Dalam rangka melaksanakan amanat UU Pengelolaan Sampah tersebut, pemerintah menerbitkan Peraturan Presiden Nomor 18 Tahun 2016 tentang Percepatan Pembangunan Pembangkit Listrik Berbasis Sampah di Provinsi DKI Jakarta, Kota Tangerang, Kota Bandung, Kota Semarang, Kota Surakarta, Kota Surabaya, dan Kota Makassar (“Perpres No. 18/2016”). Perpres No. 18 Tahun 2016 bertujuan untuk mengubah sampah menjadi sumber energi, meningkatkan kualitas lingkungan, serta memperkuat peran ketenagalistrikan nasional melalui percepatan pembangunan Pembangkit Listrik Berbasis Sampah (“PLTSa”).

Baca Juga: Menyikapi ESG di Indonesia: Kekosongan Kerangka Regulasi

Perpres No. 18/2016 berfokus pada percepatan pembangunan PLTSa di 7 (tujuh). Perpres No. 18/2016 ini kemudian dicabut dan dengan Peraturan Presiden Nomor 35 Tahun 2018 tentang Percepatan Pembangunan Instalasi Pengolah Sampah Menjadi Energi Listrik Berbasis Teknologi Ramah Lingkungan (“Perpres No. 35/2018”). Melalui Perpres No. 35/2018, cakupan wilayah percepatan pembangunan PLTSa diperluas menjadi 12 (dua belas) daerah, termasuk di antaranya Provinsi DKI Jakarta, Kota Bekasi, Kota Bandung, Kota Denpasar, dan Kota Manado.

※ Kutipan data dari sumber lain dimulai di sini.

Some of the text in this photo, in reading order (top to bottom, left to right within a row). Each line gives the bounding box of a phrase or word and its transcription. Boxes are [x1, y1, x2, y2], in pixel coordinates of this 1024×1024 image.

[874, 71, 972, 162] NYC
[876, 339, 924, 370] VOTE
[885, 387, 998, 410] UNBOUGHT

Akan tetapi, Perpres No. 35/2018 ini dinilai tidak berjalan efektif. Pada tahun 2023, timbunan sampah di Indonesia mencapai 56,63 juta ton per tahun. Dari jumlah tersebut, hanya 39,01% yang berhasil dikelola, sementara 60,99% sisanya belum terkelola dan dibuang secara terbuka (open dumping). Hal ini menimbulkan pencemaran dan kerusakan lingkungan serta gangguan kesehatan masyarakat sehingga mengakibatkan terjadinya kedaruratan sampah terutama di perkotaan. Untuk menangani permasalahan tersebut, pemerintah menerbitkan Peraturan Presiden Nomor 109 Tahun 2025 tentang Penanganan Sampah Perkotaan Melalui Pengolahan Sampah Menjadi Energi Terbarukan Berbasis Teknologi Ramah Lingkungan (“Perpres No. 109/2025”) yang mencabut Perpres No. 35/2018.

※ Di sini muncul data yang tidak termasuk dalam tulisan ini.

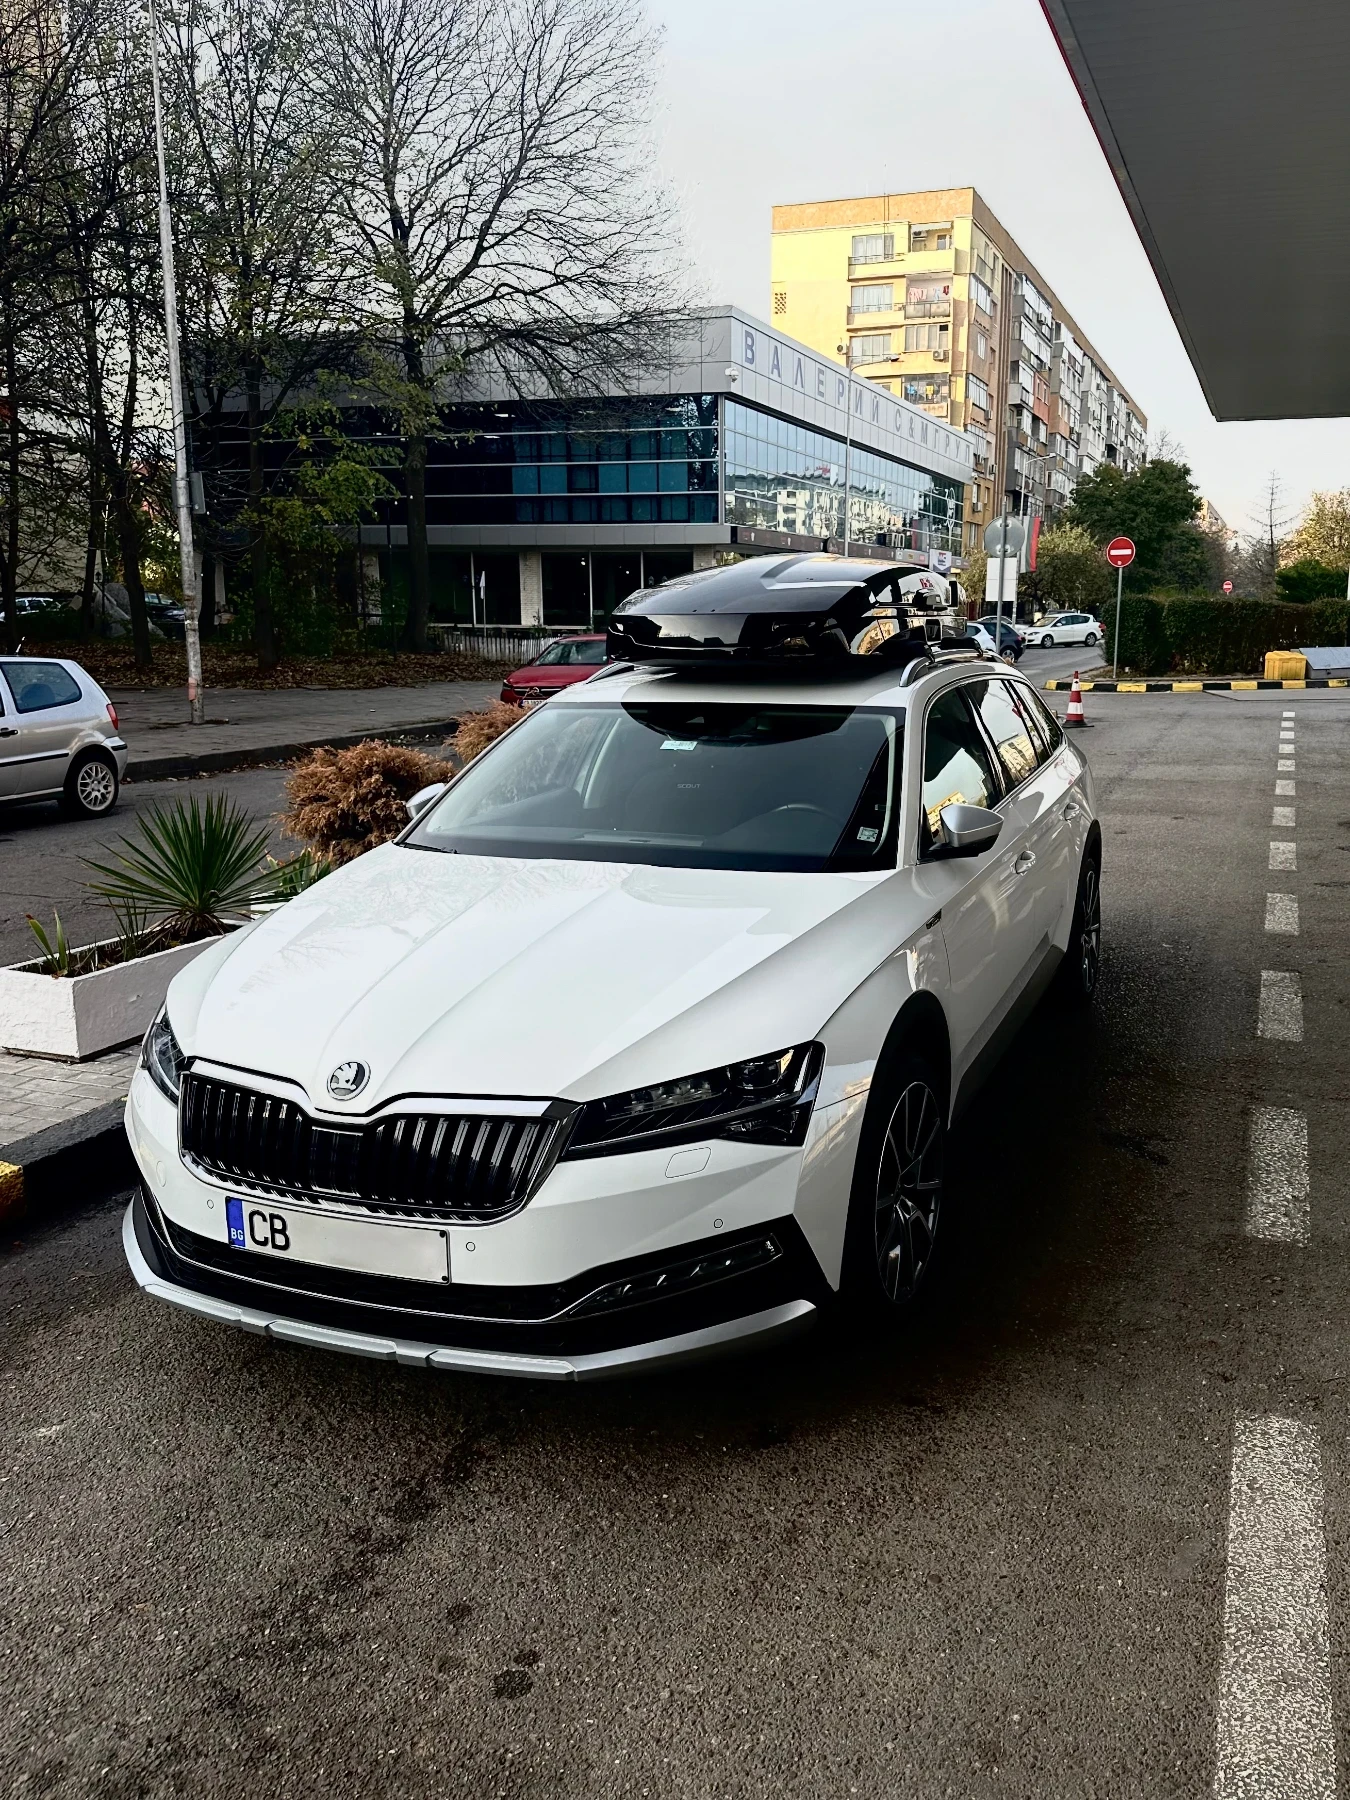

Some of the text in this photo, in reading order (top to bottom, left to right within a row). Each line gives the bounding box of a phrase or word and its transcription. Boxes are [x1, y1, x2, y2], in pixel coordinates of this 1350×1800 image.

[744, 329, 879, 424] ВАЛЕРИЙ
[230, 1209, 290, 1251] BG CB
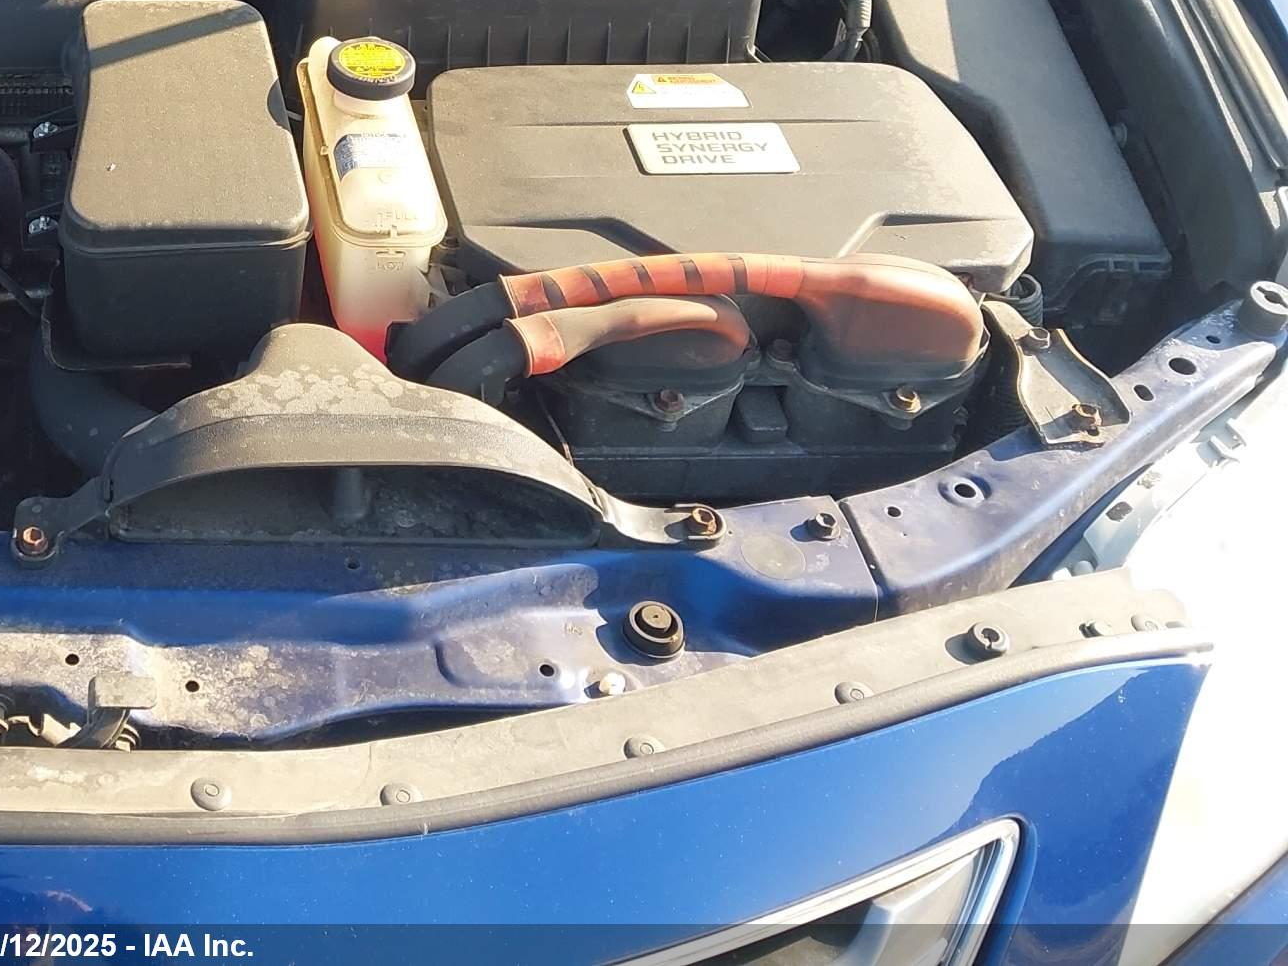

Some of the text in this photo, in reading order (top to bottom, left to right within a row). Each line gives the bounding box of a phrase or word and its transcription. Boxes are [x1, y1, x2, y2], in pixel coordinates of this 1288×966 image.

[652, 131, 743, 141] HYBRID
[656, 142, 769, 153] SYNERGY
[662, 154, 737, 165] DRIVE

Perpres No. 109/2025 diterbitkan untuk menangani timbulan sampah dan timbunan sampah melalui Pengolahan Sampah menjadi Energi Terbarukan Berbasis Teknologi Ramah Lingkungan (“PSE”) sehingga sampah dapat dimanfaatkan untuk mendukung ketahanan energi nasional. PSE dilakukan melalui:

  • Pengolah Sampah Berbasis Teknologi Ramah Lingkungan menjadi Energi Listrik (“PSEL”);
  • Pengolah Sampah menjadi Energi Terbarukan Berbasis Teknologi Ramah Lingkungan Bioenergi (“PSE Bioenergi”);
  • Pengolah Sampah menjadi Energi Terqarukan Berbasis Teknologi Ramah Lingkungan Bahan Bakar Minyak Terbarukan (“PSE Bahan Bakar Minyak Terbarukan”); dan
  • PSE produk ikutan lainnya.

Artikel ini akan membahas perubahan penting dalam Perpres No. 109/2025 dibandingkan dengan Perpres No. 35/2018, dengan pembahasan yang lebih mendalam pada PSEL.

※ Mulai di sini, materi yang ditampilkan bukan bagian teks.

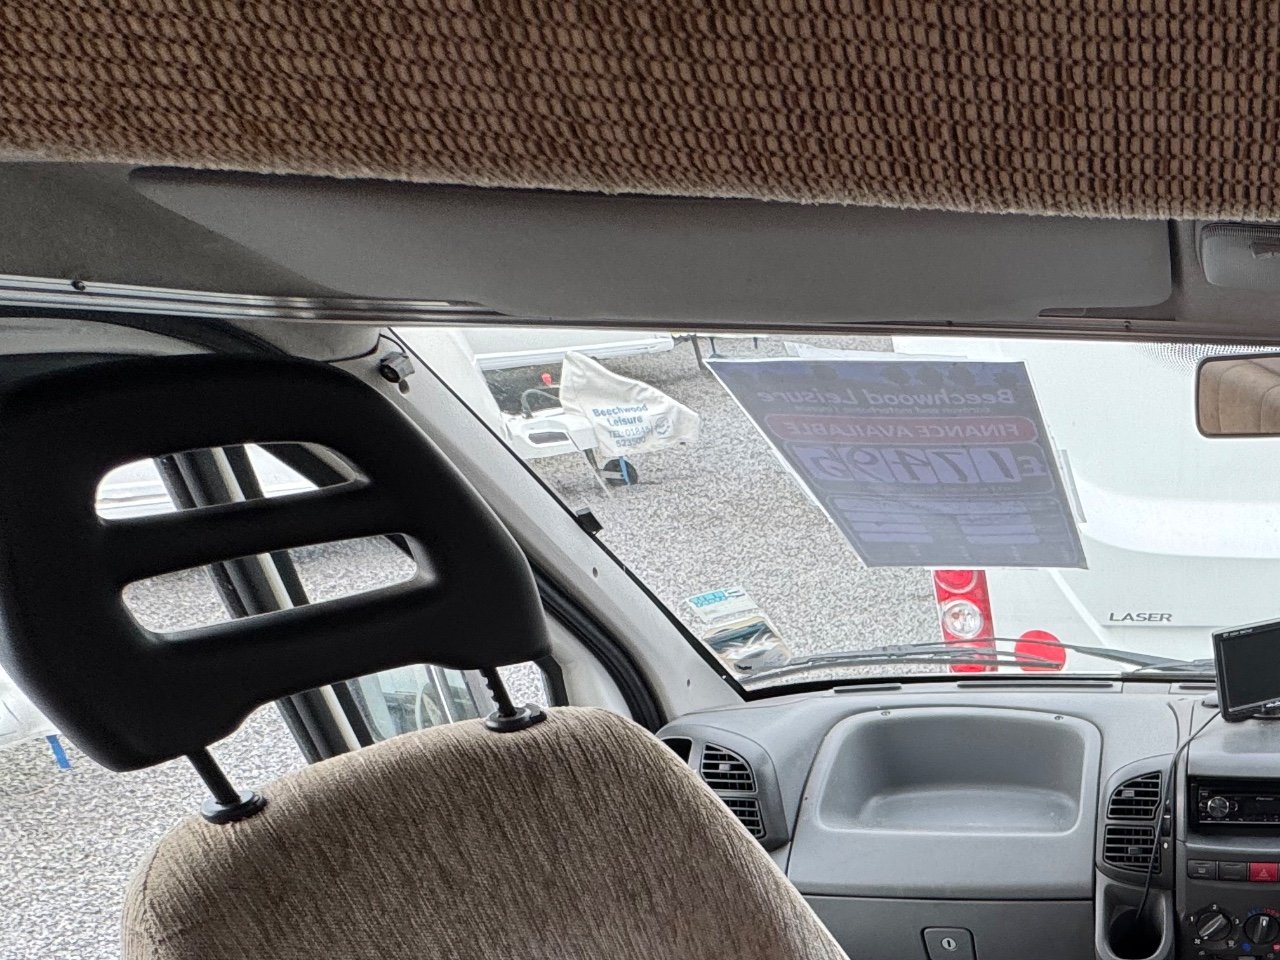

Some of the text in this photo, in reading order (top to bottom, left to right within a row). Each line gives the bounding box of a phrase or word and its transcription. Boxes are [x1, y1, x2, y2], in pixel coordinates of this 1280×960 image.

[592, 403, 648, 417] Beechwood
[607, 415, 643, 427] Leisure
[1109, 611, 1173, 623] LASER

Kebijakan Sampah Menjadi Energi di Indonesia

Perubahan Penting Dalam Perpres No. 109/2025

Perluasan Bentuk Pengelolaan Sampah

Berbeda dengan Perpres No. 18/2016 dan Perpres No. 35/2018 yang hanya menekankan pengelolaan sampah menjadi listrik melalui PLTSa, Pepres No. 109/2025 memperluas pengolahan sampah menjadi 4 (empat) bentuk yaitu listrik, bioenergi, bahan bakar minyak terbarukan, serta produk ikutan lainnya.

Berdasarkan Pasal 27 Perpres No. 109/2025, PSE Bioenergi meliputi biomassa dan biogas. Produk PSE Bioenergi dapa dimanfaatkan sendiri dan/atau dijual kepada masyarakat sebagai pengganti bahan bakar fosil. Selain itu, berdasarkan Pasal 28 Perpres No. 109/2025, sampah yang diolah dapat menghasilkan PSE Bahan Bakar Minyak Terbarukan berupa bahan bakar cair yang dapat dimanfaatkan sendiri dan/atau dijual kepada:

  • Pembangkit listrik;
  • Transportasi; dan
  • Pemanfaatan lainya.

Untuk PSE produk ikutan lainnya, akan ditetapkan oleh menteri yang menyelenggarakan urusan pemerintahan di bidang energi.

Kriteria Daerah Untuk Penyelenggaraan PSEL

 

“Perpres No. 109/2025 menekankan PSEL dilaksanakan berdasarkan kriteria, bukan sekadar lokasi”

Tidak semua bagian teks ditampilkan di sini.